Rabid bat bites 7-year-old Elkhart boy
ELKHART, Ind. – A seven-year-old Elkhart boy is now relying on a series of vaccinations after being bitten by a rabid bat.
The family is thankful for getting medical attention right away, but it’s something they weren’t sure they needed to do in the first place.
Which is why the family wants the community to be aware of the fatal disease.
In the early morning hours of last Thursday, a bat infected with rabies bit seven-year-old Donte Wilson on the foot while he was sleeping.
His mother Brittany Greathouse explained what happened that night. “He screams, so I jump out of bed. He says I got bit, I got bit.”
Donte kicked the bat against the wall; it was no longer able to fly. “As hard as I can,” he said when describing the interaction with the bat.
“There was just a tiny little mark, and I’m thinking well does it hurt? He says no, so I’m like ok how serious is it?” His mother explained the questions circling her head when deciding whether or not to take him to the emergency room.
After a call to his family doctor, the family took Donte to the emergency room.

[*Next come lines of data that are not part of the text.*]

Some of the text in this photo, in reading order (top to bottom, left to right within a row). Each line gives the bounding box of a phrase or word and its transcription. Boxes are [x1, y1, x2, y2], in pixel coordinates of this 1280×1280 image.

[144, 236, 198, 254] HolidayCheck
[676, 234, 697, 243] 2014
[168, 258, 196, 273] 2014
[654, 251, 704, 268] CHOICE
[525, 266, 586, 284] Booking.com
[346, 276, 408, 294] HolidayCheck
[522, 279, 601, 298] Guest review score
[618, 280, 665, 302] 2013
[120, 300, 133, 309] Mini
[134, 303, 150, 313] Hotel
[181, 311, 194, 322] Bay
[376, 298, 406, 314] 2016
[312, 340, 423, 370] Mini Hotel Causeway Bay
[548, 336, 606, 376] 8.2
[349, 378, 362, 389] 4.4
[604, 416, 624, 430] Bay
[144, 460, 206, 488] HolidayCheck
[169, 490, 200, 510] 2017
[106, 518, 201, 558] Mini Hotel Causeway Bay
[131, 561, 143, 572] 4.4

Elkhart County Health Officer Lydia Mertz said, despite not knowing what to do in the situation, the family acted correctly.
“This particular family did the right thing by seeking health care at the time, and by capturing the bat,” she said.
The Elkhart County Health Department says the bat was sent to the state to be tested for rabies, and it was confirmed to be infected with the disease.
Donte’s Grandmother Sandra Ford is worried that the community is not educated on what to do if residents were to come into contact with an infected animal.
“I’m concerned about everyone in the area,” Ford said as she explained the importance of getting information about the disease out to the public.
“It’s just that it has to be on your radar, and you have to think about it because if someone gets rabies they’re going to die,” the Elkhart County Health Officer said.
The family is now warning the community to be aware, but the Elkhart County Health Department says not to panic.
“If you were to go out and catch 100 bats, most of them would test negative,” Mertz said.
Mertz says that only a small percentage of bats are infected with the deadly disease.
“It’s less than 1 percent. It’s just that bats interact with humans so it makes it seem like it’s more than it really is,” she explained.
Donte is now being treated for the disease with a series of vaccines. He says they hurt “worse than the bat bite.”
The family is warning the community how serious a tiny bite can be. Still, many questions remain for the family.
Because Donte was treated early, he is expected to be fine. He’s been cleared to go back to school.